Without any of the pictures, print every record below exactly.

(Stored data entries)
━━━━
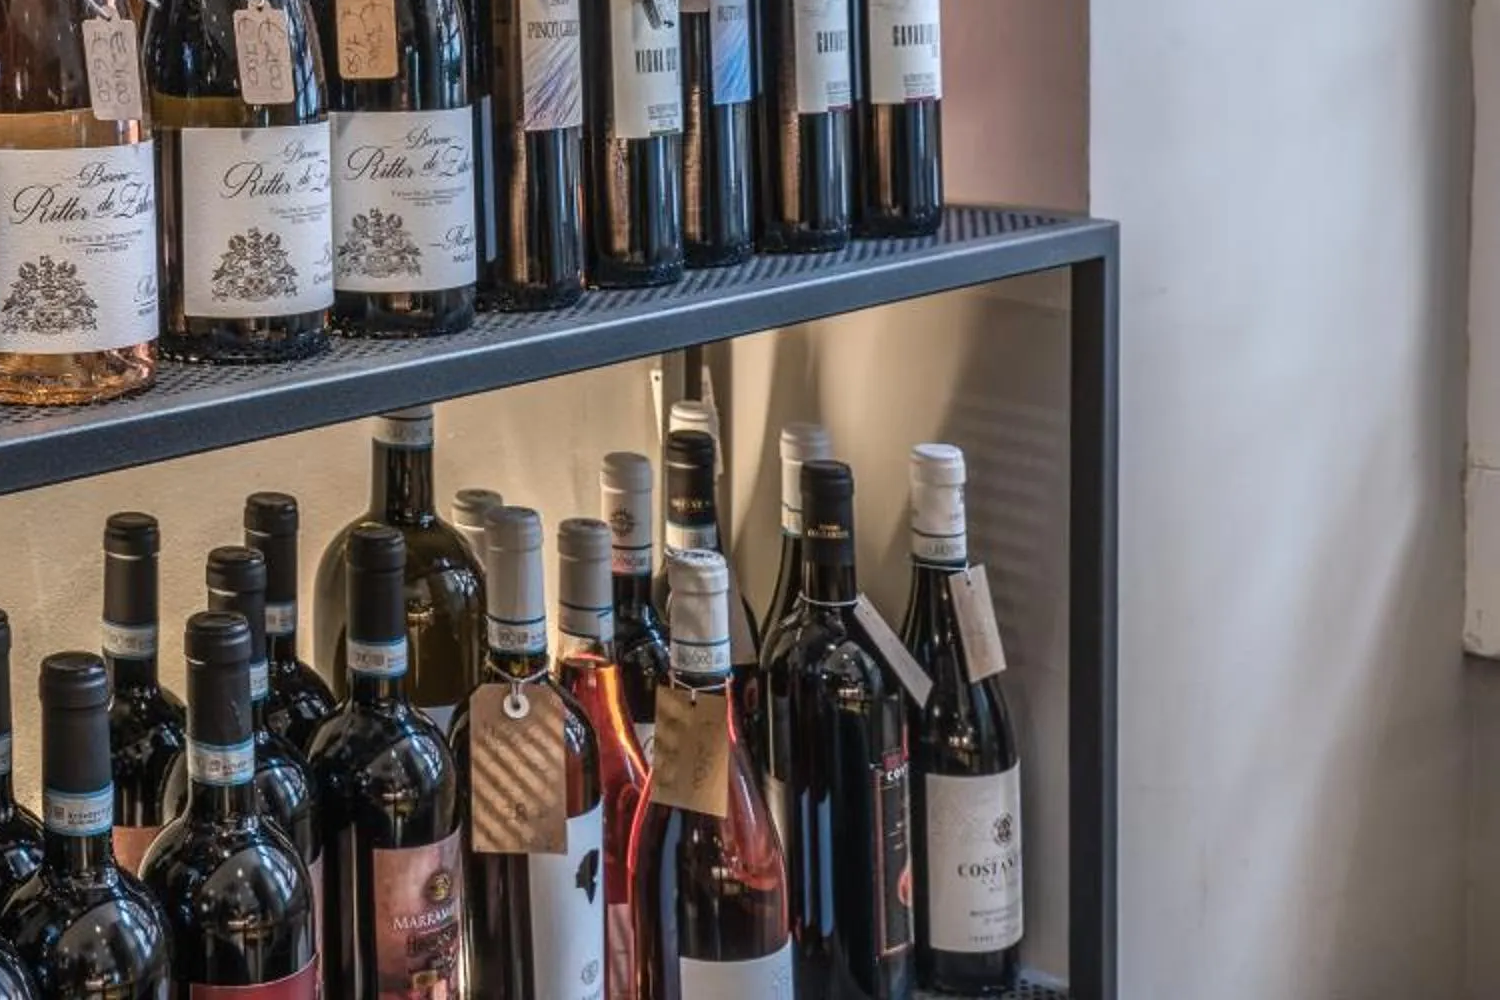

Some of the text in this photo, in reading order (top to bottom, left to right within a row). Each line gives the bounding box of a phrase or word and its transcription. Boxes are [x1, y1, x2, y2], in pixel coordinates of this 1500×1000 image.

[220, 161, 291, 198] Ritter
[344, 145, 414, 180] Ritter
[10, 184, 88, 224] Ritter
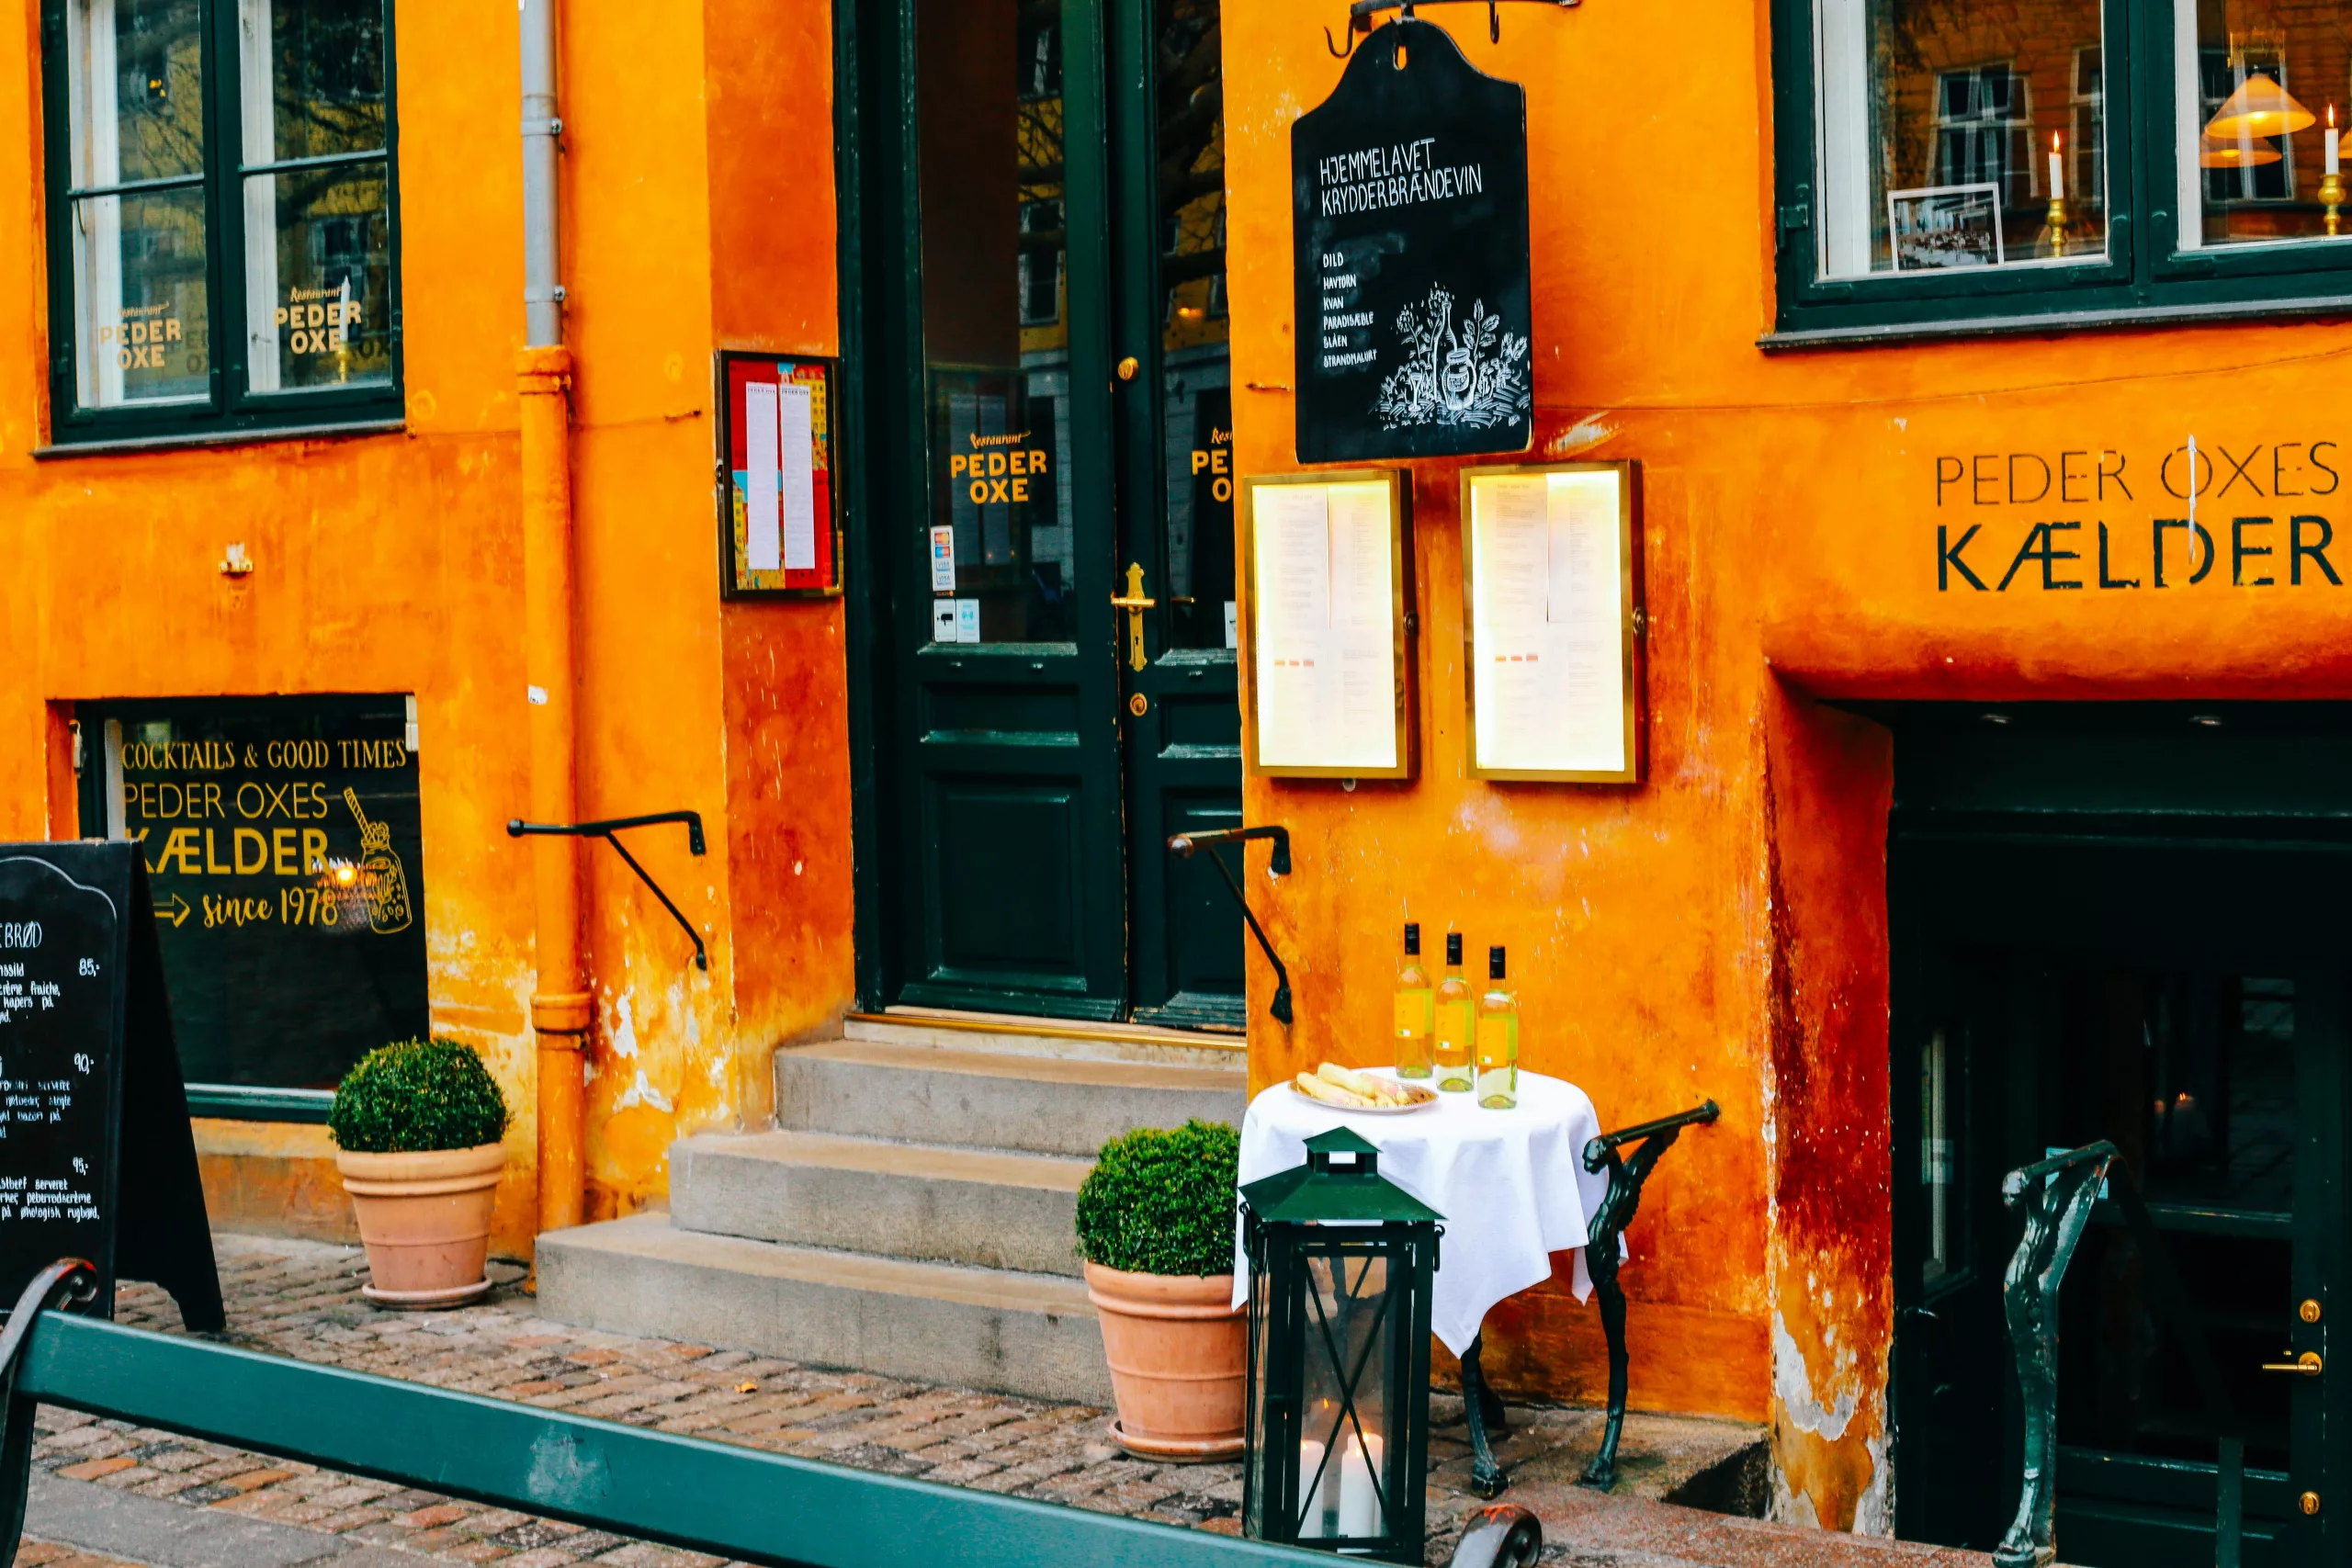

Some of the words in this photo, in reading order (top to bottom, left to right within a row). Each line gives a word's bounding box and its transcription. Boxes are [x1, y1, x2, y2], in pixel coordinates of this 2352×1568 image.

[1319, 138, 1436, 186] HJEMMELAVET
[1321, 164, 1483, 217] KRYDDERBRÆNDEVIN
[1323, 252, 1344, 268] DILD
[1323, 274, 1357, 290] HAVTORN
[273, 300, 362, 329] PEDER
[1323, 296, 1344, 311] KVAN
[100, 318, 182, 345] PEDER
[1323, 311, 1374, 331] PARADISÆBLE
[290, 326, 342, 355] OXE
[1323, 333, 1348, 349] BLÅEN
[117, 344, 165, 370] OXE
[1323, 349, 1378, 368] STRANDMALURT
[970, 430, 1031, 449] Restaurant
[950, 449, 1046, 479] PEDER
[1936, 450, 2133, 507] PEDER
[2160, 441, 2339, 500] OXES
[969, 478, 1029, 504] OXE
[1937, 514, 2344, 593] KÆLDER
[122, 739, 236, 771] COCKTAILS
[243, 743, 259, 769] &
[267, 739, 330, 769] GOOD
[337, 738, 408, 770] TIMES
[124, 782, 225, 819] PEDER
[236, 781, 328, 819] OXES
[202, 894, 273, 929] since
[280, 886, 338, 927] 1978
[0, 920, 42, 948] BRØD
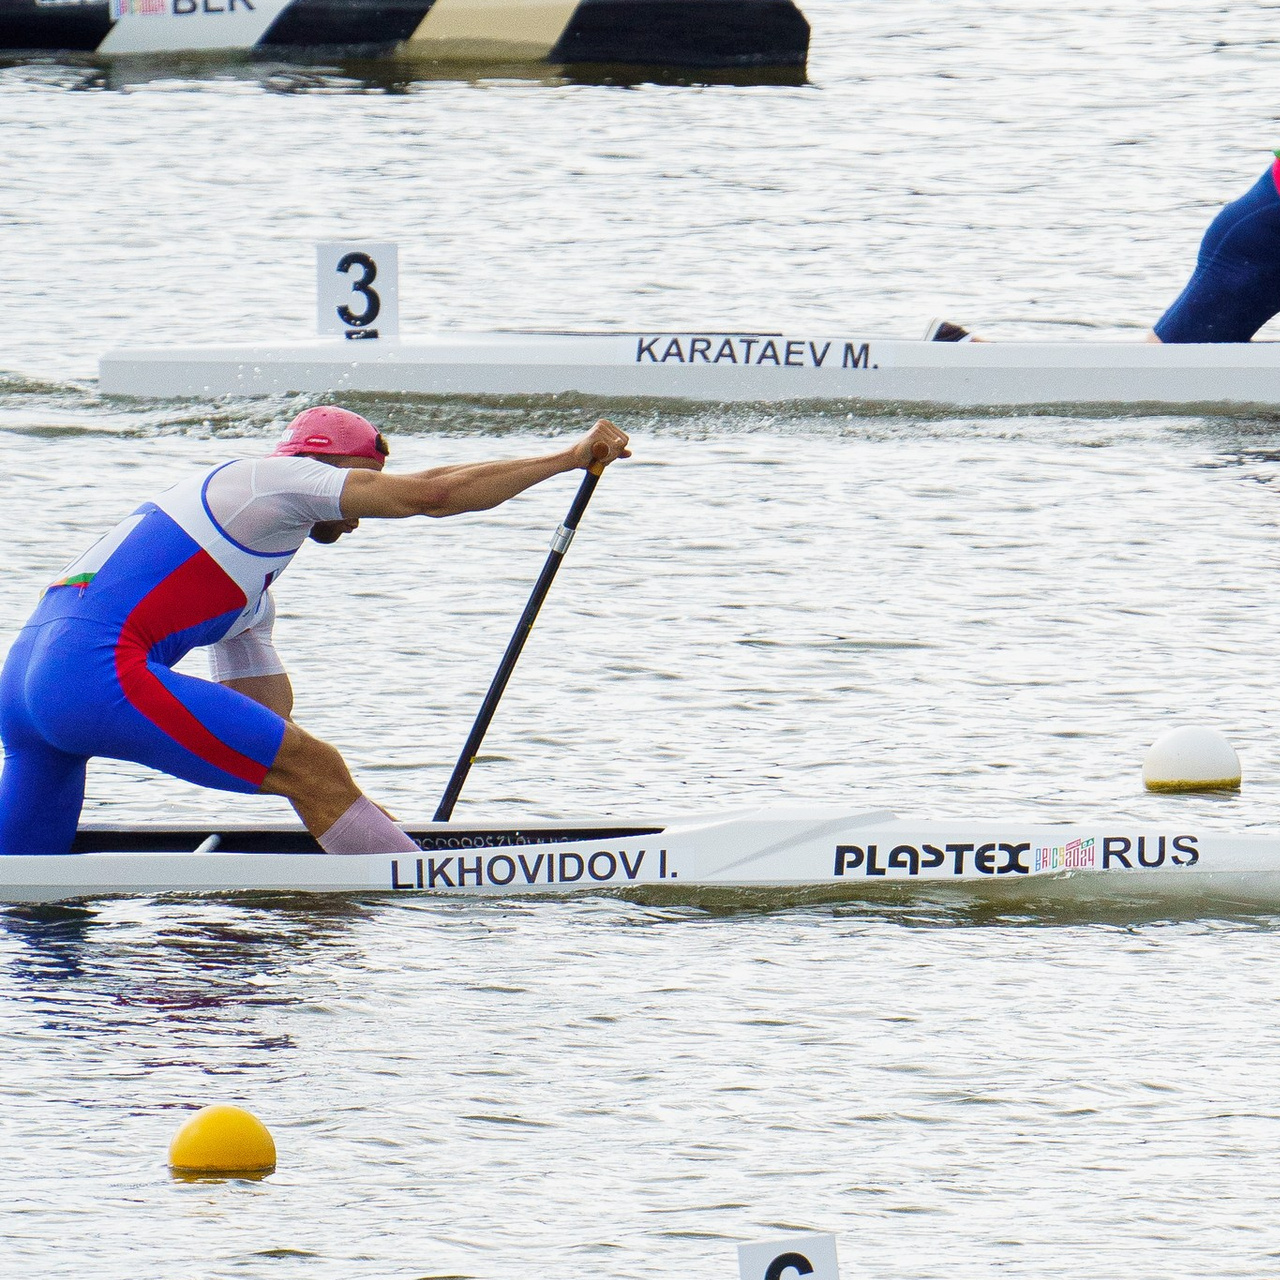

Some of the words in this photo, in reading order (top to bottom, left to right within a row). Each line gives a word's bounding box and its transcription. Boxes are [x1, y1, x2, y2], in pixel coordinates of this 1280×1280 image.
━━━━
SOLUTION FOR THIS PROBLEM —
Some of the text in this photo, in reading order (top to bottom, left to right within a row). Each line gives the bounding box of a phrase or word and its transcription. Boxes are [x1, y1, x2, y2], in pixel coordinates of this 1500×1000 image.

[220, 161, 291, 198] Ritter
[344, 145, 414, 180] Ritter
[10, 184, 88, 224] Ritter

Some of the words in this photo, in reading order (top to bottom, left to right within a row). Each line gives a word's bounding box and its transcription. Boxes are [x1, y1, x2, y2], in pixel coordinates of this 2352×1568 image.

[1319, 138, 1436, 186] HJEMMELAVET
[1321, 164, 1483, 217] KRYDDERBRÆNDEVIN
[1323, 252, 1344, 268] DILD
[1323, 274, 1357, 290] HAVTORN
[273, 300, 362, 329] PEDER
[1323, 296, 1344, 311] KVAN
[100, 318, 182, 345] PEDER
[1323, 311, 1374, 331] PARADISÆBLE
[290, 326, 342, 355] OXE
[1323, 333, 1348, 349] BLÅEN
[117, 344, 165, 370] OXE
[1323, 349, 1378, 368] STRANDMALURT
[970, 430, 1031, 449] Restaurant
[950, 449, 1046, 479] PEDER
[1936, 450, 2133, 507] PEDER
[2160, 441, 2339, 500] OXES
[969, 478, 1029, 504] OXE
[1937, 514, 2344, 593] KÆLDER
[122, 739, 236, 771] COCKTAILS
[243, 743, 259, 769] &
[267, 739, 330, 769] GOOD
[337, 738, 408, 770] TIMES
[124, 782, 225, 819] PEDER
[236, 781, 328, 819] OXES
[202, 894, 273, 929] since
[280, 886, 338, 927] 1978
[0, 920, 42, 948] BRØD

Some of the words in this photo, in reading order (top to bottom, left to right within a row). Each line gives a word's bounding box and its transcription. Boxes are [x1, y1, x2, y2], in pixel coordinates of this 1280×1280 image.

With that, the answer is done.